For example, we just started again, trying to have our Friday movie or game and pizza night.   We started trying to go back to having dinner at 630 every night or as best we can around our schedules.   During the last 15 months, during our life interrupted, we became the take-out family.  That was never how we were before, but the effort to plan meals, shop and cook on a regular basis, during the first year of devastating grief, was impossible.  I filled out the form with our new/ somewhat old routines, knowing that we are a family in recovery and healing.  A family on the other side of our story.

A loss of a family member causes a loss of identity.  To each individual and the family.  At some point, you sit back and have to re-evaluate your place in this world, your traditions, your beliefs, and your routines.  What you were before, what you have become, and what you want things to be. I truly believe the task of re-evaluating all of these areas of your life is too daunting during the first year or so of a trauma.  I imagine this is why they tell you not to make major changes in your life during the first year of loss.  This, of course, is extremely hard when you want to quit every aspect of your life.  Both my husband and I struggled for over a year with the desire to work where we worked.   I am thankful I was allowed to quit some of my responsibilities at work and no one believed my rantings of ” that’s it, I quit.”

The same went for my marriage.  I am so grateful that we both did the hard thing and gave each other grace and space.   I always thought when tragedy hit, you would grieve the loss together.  That is absolutely untrue.  You grieve in parallel, but you grieve alone.  To make matters worse, men and women tend to grieve differently.   I took a grief class that wasn’t super helpful except that I learned that usually men grieve quietly, where women tend to grieve and express their grief more.  That explains why I find more women in my online groups.  At one point during the most intense moments of my grief, I had to decide if I had the energy, love, and the unselfish ability to keep a relationship going.  I am thankful that I stopped and evaluated those feelings, that I learned how everyone grieves alone and different, and that we both stayed “all in” so to speak.  That doesn’t work for everyone.  Again, it’s life interrupted.  Everything gets evaluated.

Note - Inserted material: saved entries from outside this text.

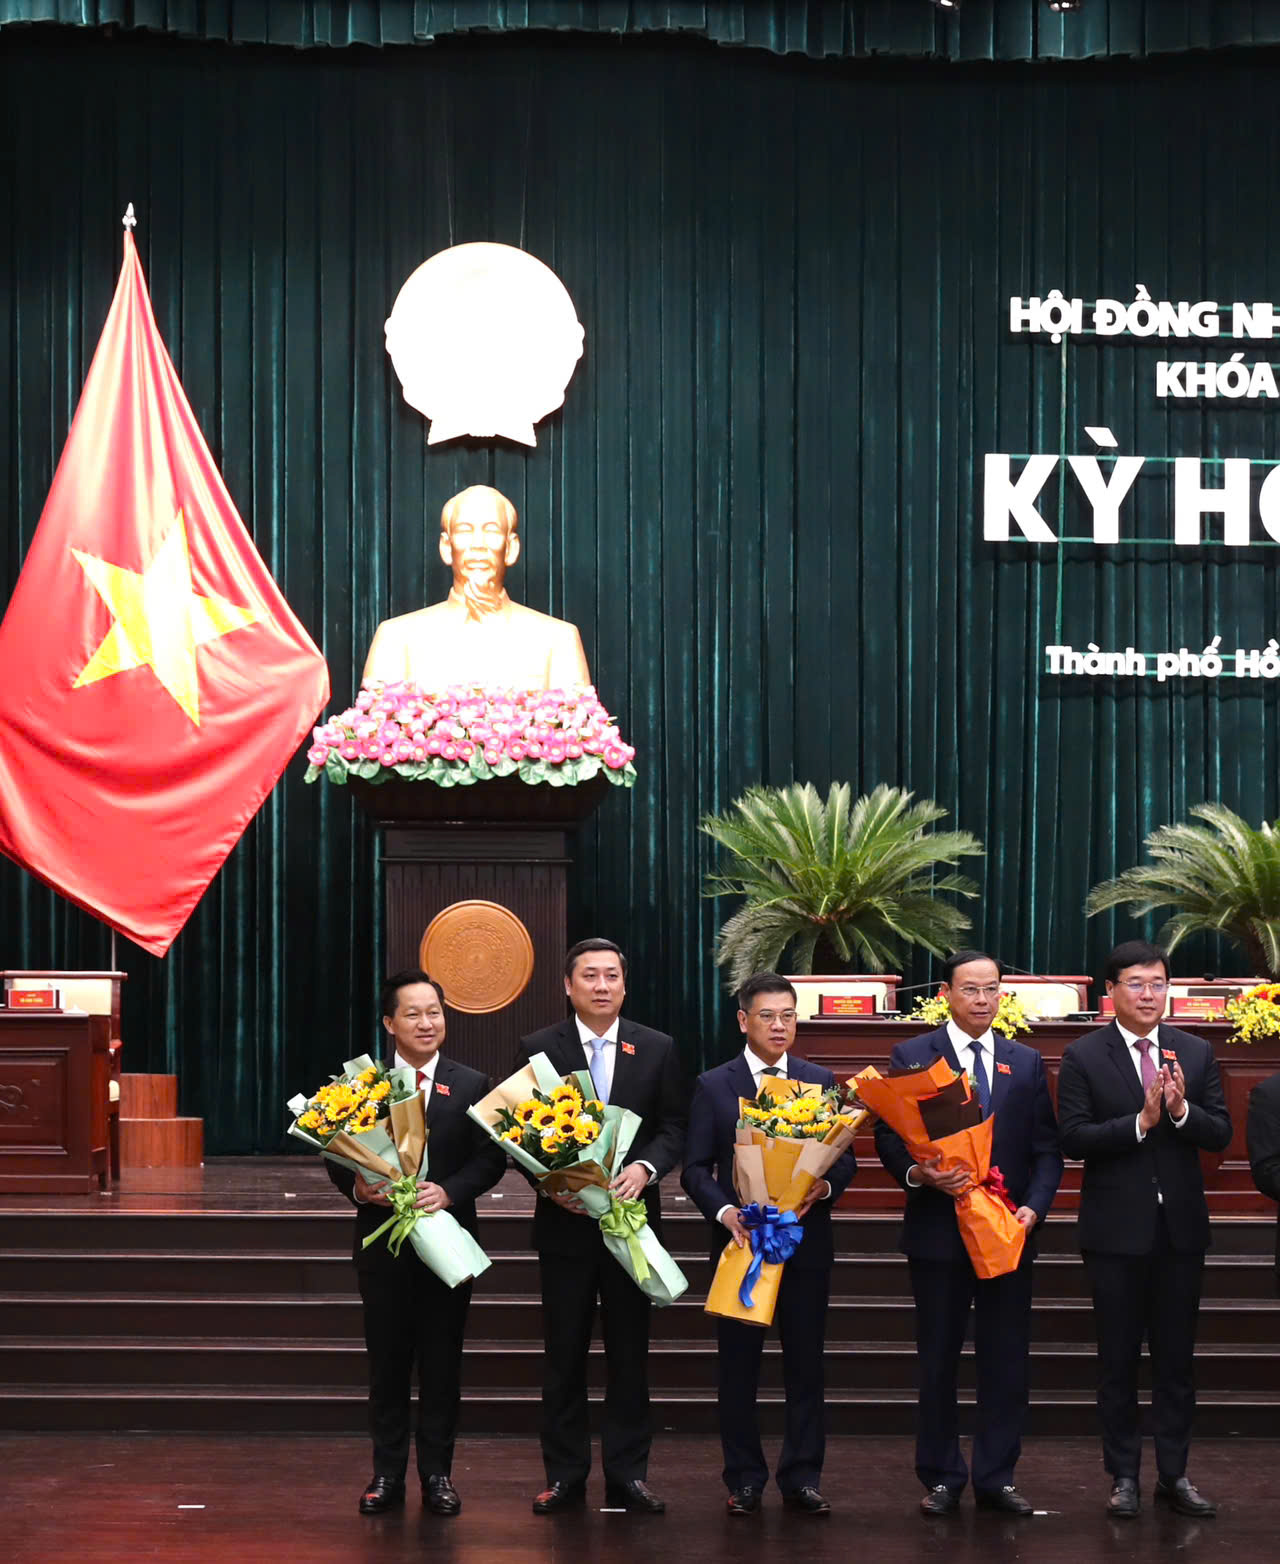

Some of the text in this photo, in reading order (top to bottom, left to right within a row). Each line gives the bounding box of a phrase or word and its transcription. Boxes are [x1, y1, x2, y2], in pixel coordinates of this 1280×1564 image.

[1010, 289, 1083, 344] HỘI
[1092, 283, 1220, 338] ĐỒNG
[1156, 352, 1280, 399] KHÓA
[983, 426, 1147, 544] KỲ
[1045, 643, 1147, 677] Thành
[1156, 635, 1223, 682] phố
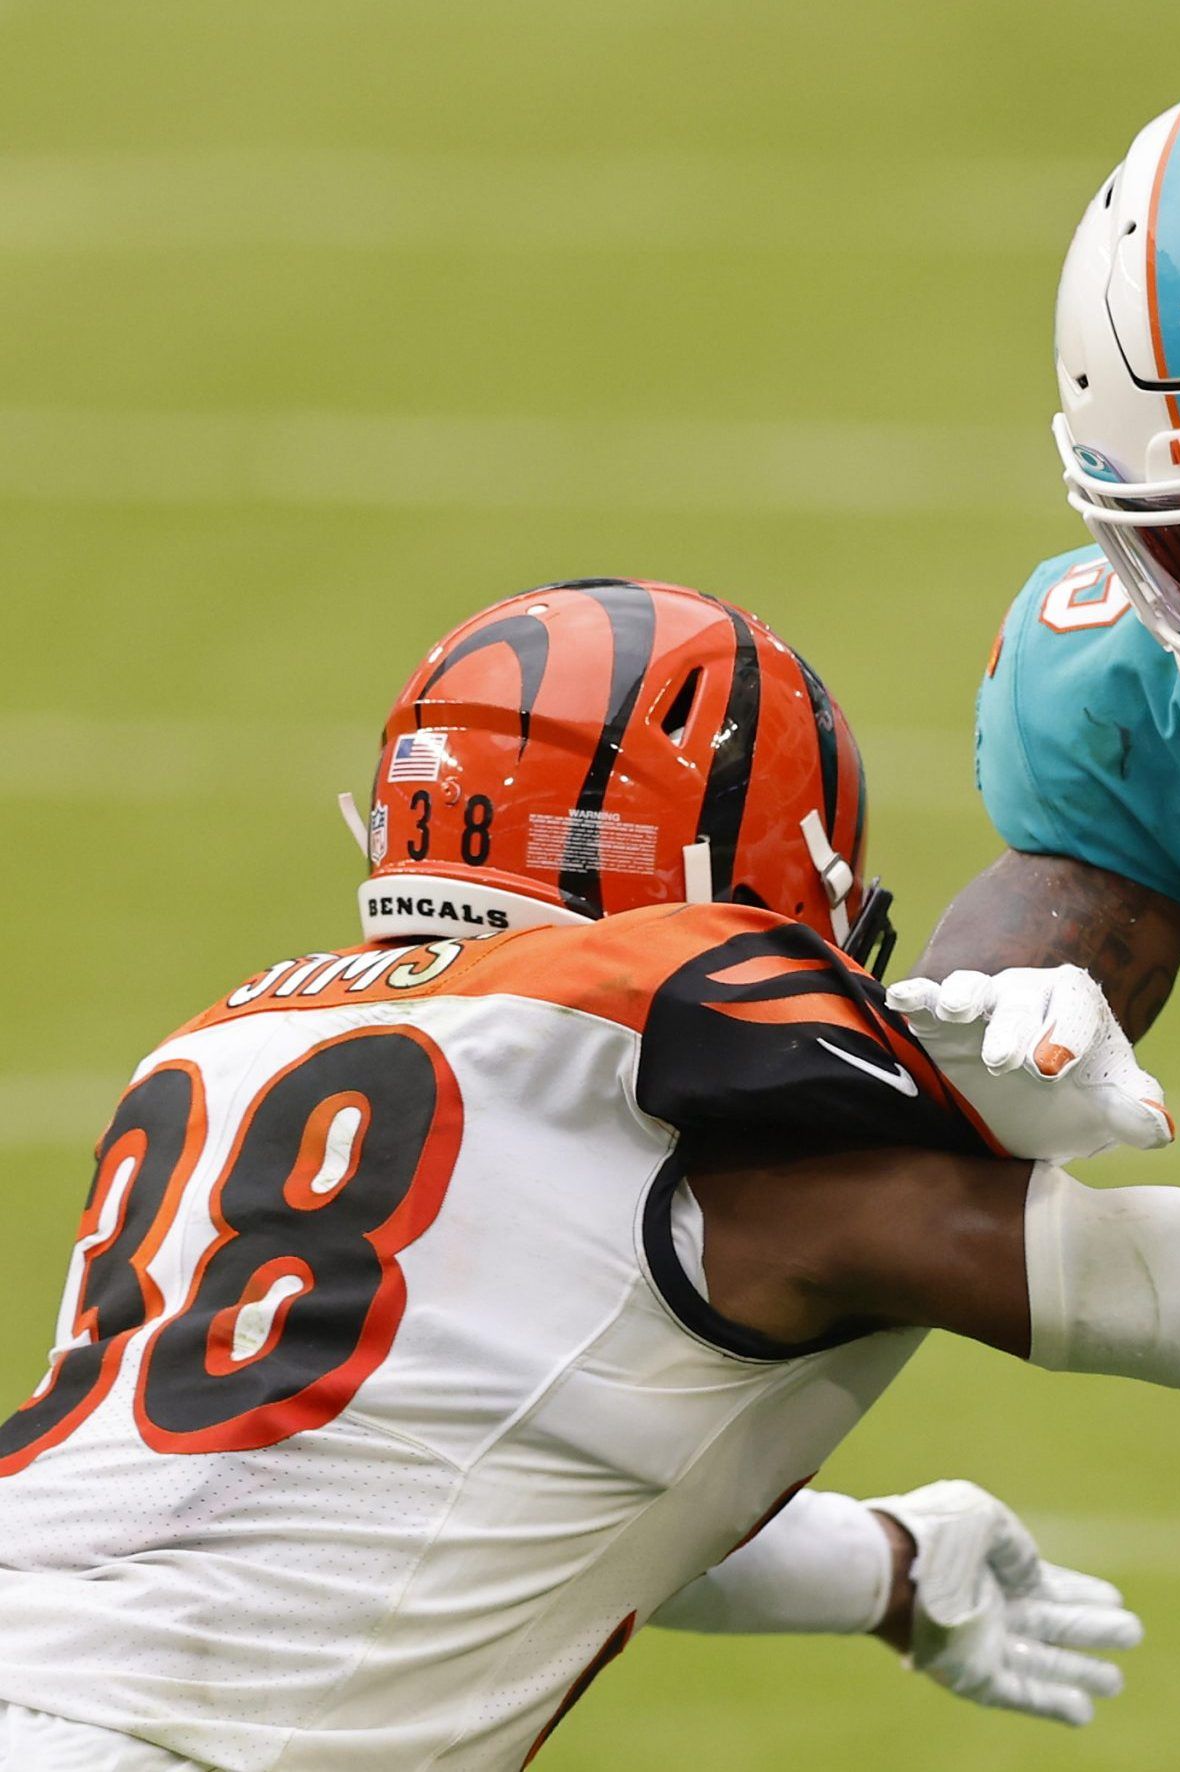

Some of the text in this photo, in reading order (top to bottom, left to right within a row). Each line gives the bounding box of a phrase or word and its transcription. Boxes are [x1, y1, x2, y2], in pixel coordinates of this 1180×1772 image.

[568, 808, 621, 823] WARNING
[368, 897, 509, 929] BENGALS
[0, 1023, 465, 1478] 38
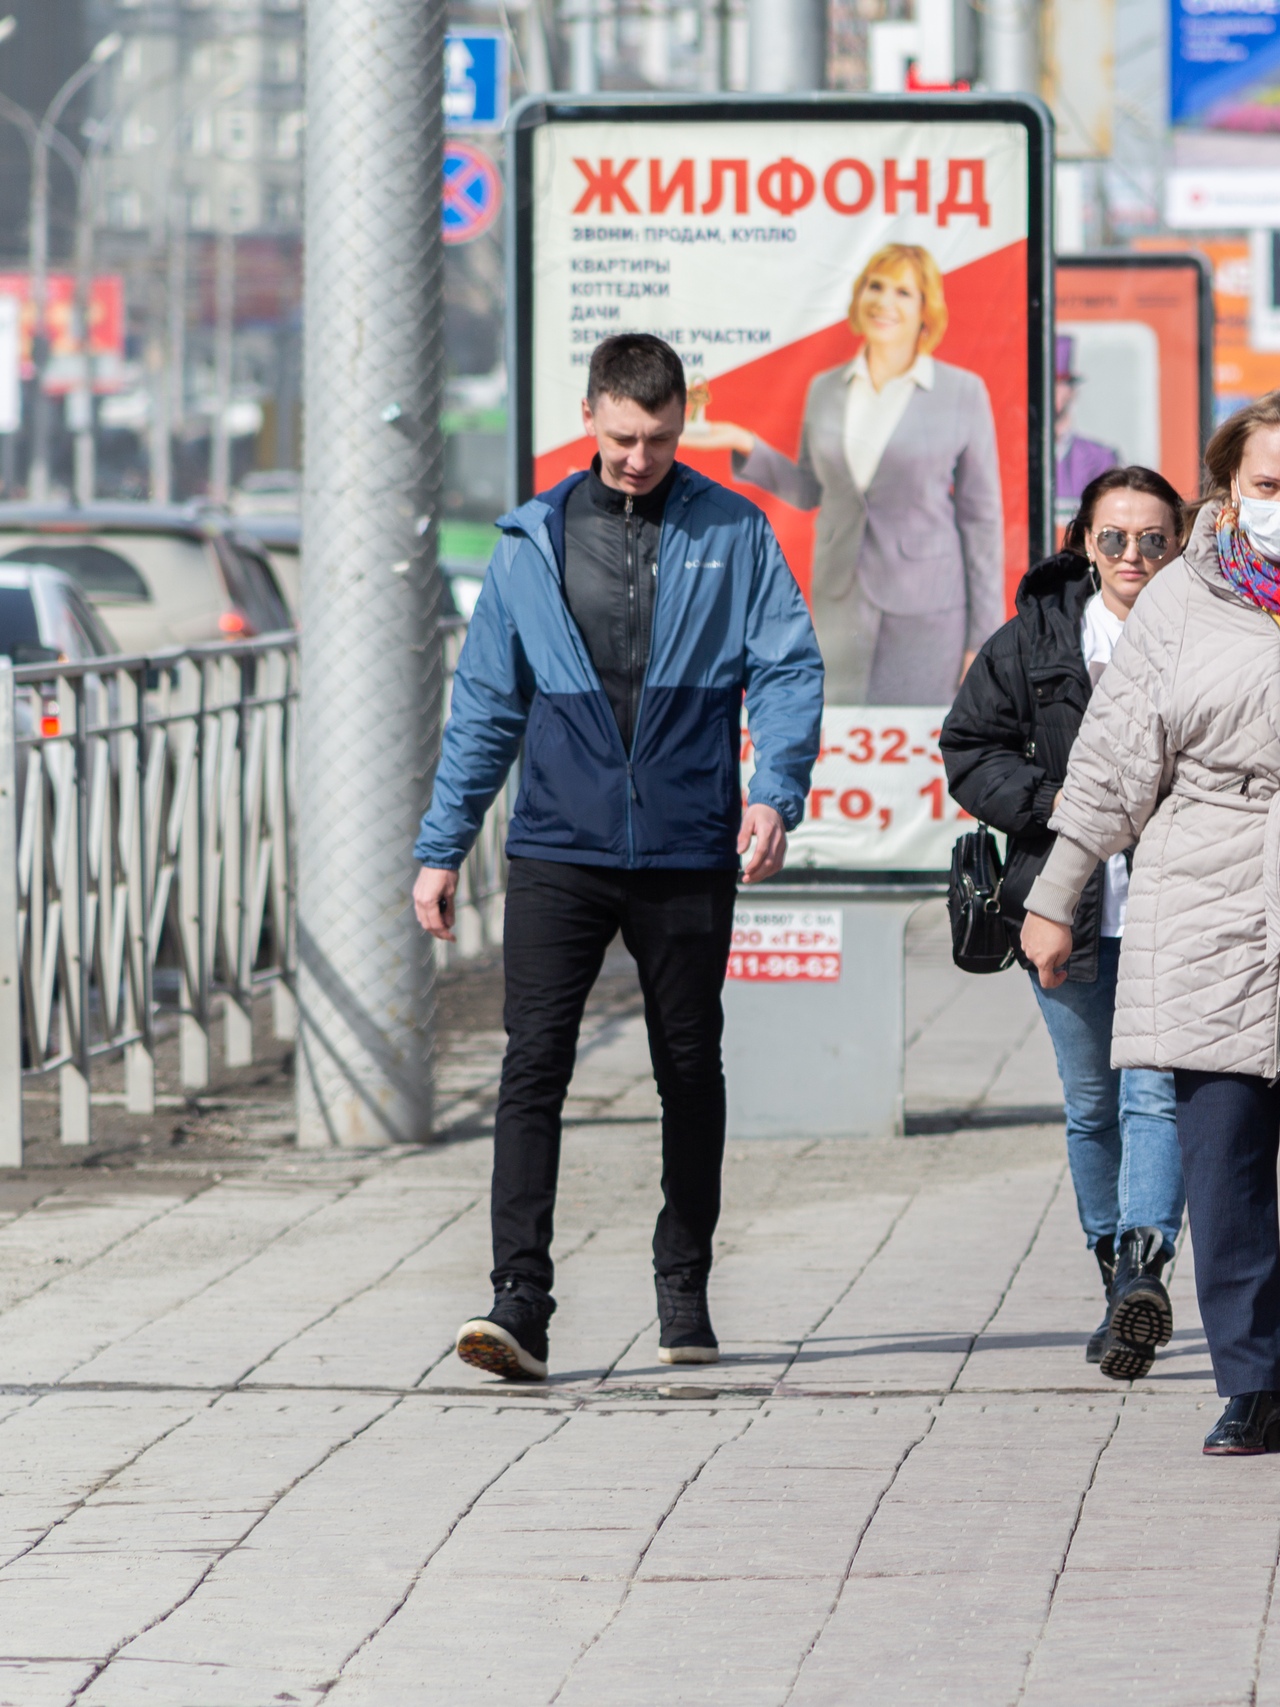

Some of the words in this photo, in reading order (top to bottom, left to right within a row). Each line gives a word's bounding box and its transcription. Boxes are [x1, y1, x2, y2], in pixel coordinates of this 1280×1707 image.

[572, 156, 992, 228] ЖИЛФОНД
[572, 227, 640, 243] ЗВОНИ:
[644, 227, 727, 245] ПРОДАМ,
[731, 227, 797, 243] КУПЛЮ
[571, 258, 671, 274] КВАРТИРЫ
[571, 281, 670, 297] КОТТЕДЖИ
[571, 305, 620, 321] ДАЧИ
[689, 328, 771, 345] УЧАСТКИ
[728, 954, 839, 978] 11-96-62
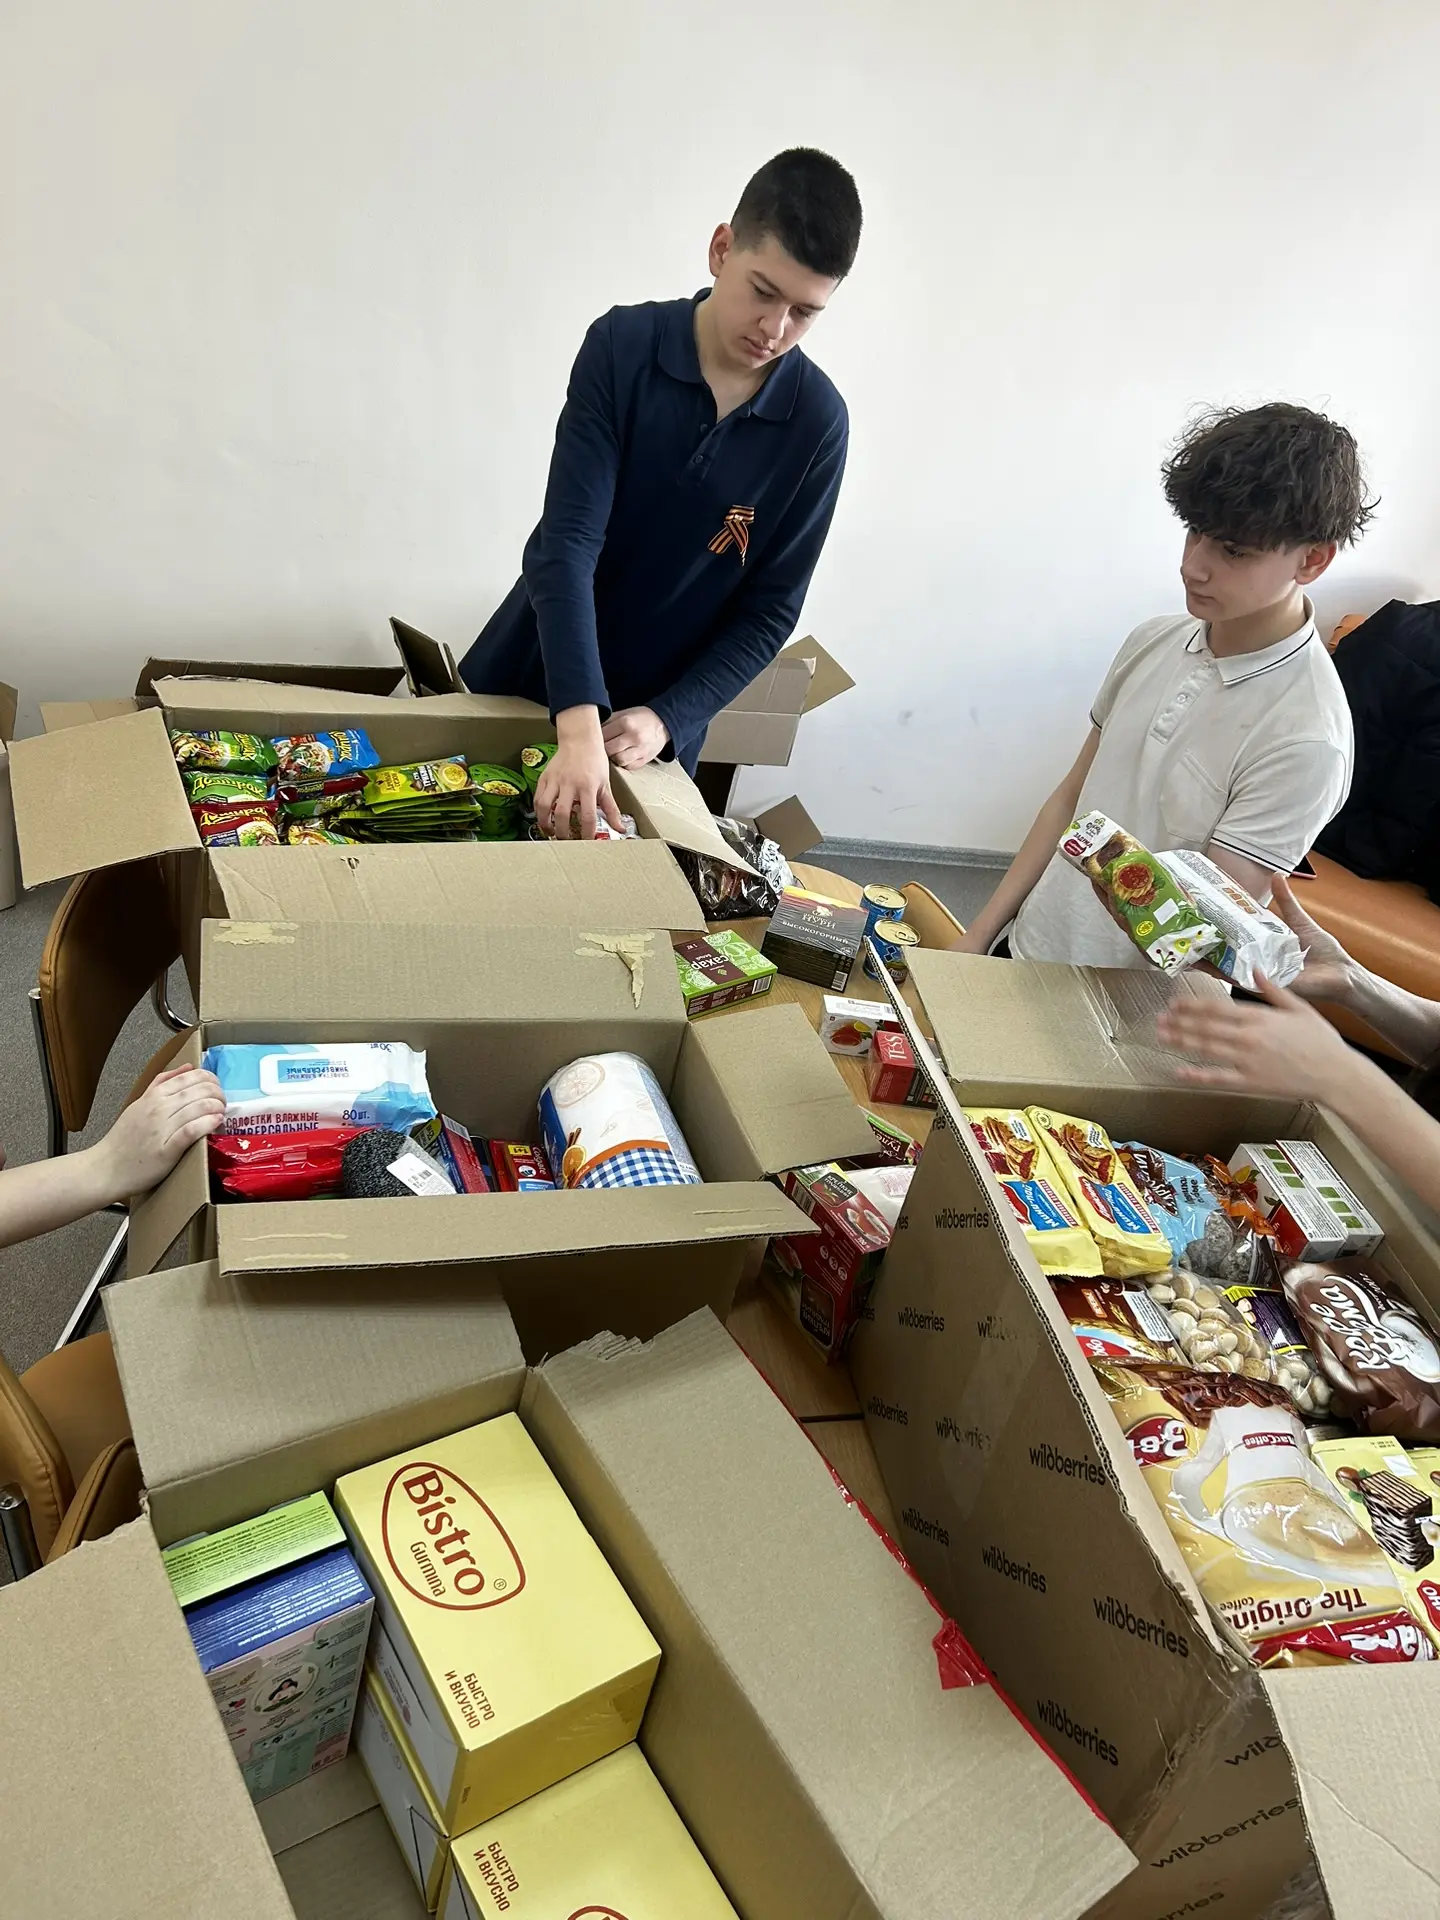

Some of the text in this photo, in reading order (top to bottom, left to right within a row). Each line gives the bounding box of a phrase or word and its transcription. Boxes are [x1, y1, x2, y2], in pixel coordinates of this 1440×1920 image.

[781, 920, 850, 945] ВЫСОКОГОРНЫЙ
[691, 954, 730, 970] сахар
[887, 1035, 908, 1060] TESS
[226, 1112, 319, 1129] САЛФЕТКИ ВЛАЖНЫЕ
[342, 1109, 357, 1120] 80
[532, 1146, 547, 1175] Colgate
[876, 1132, 901, 1152] Руле
[935, 1207, 989, 1230] wildberries
[898, 1307, 945, 1332] wildberries
[1310, 1303, 1390, 1369] Кофе
[867, 1396, 908, 1426] wildberries
[1029, 1443, 1106, 1487] wildberries
[402, 1470, 485, 1596] Bistro
[902, 1508, 949, 1547] wildberries
[410, 1542, 446, 1598] Gurmina
[982, 1546, 1047, 1594] wildberries
[1220, 1596, 1254, 1612] Coffee
[1226, 1588, 1367, 1631] The Origin
[1093, 1596, 1190, 1658] wildberries
[449, 1681, 481, 1730] ВКУСНО
[464, 1672, 496, 1721] БЫСТРО
[1036, 1700, 1119, 1767] wildberries
[1150, 1797, 1300, 1868] wildberries
[478, 1860, 511, 1912] ВКУСНО
[488, 1841, 520, 1892] БЫСТРО

I have moments daily that are still difficult.  I only had 4 hours of sleep before work the next morning the other night because of the intense emotions brought on by both my youngest girls experiencing sadness in their lives.   Loss, unfortunately, affects all relationships including my daughter’s relationships with others.    When they lose a friend it can bring back feelings of losing their family member all over again.  I spent the evening wishing I could take all of the grief on myself, that it didn’t have to continually affect my other children and that I could fix it.  Of course, teenagers are not empathetic to each other.  Friends don’t understand how you can still be sad over a year later or how you seemed better, but something else has made you sad again.  (Empathy is a learned and somewhat mature emotion).  Even my own children don’t understand how the loss affects their feelings of no control of events in their lives and how every time they lose a relationship, it triggers the grief of losing their loved one again.  Life interrupted.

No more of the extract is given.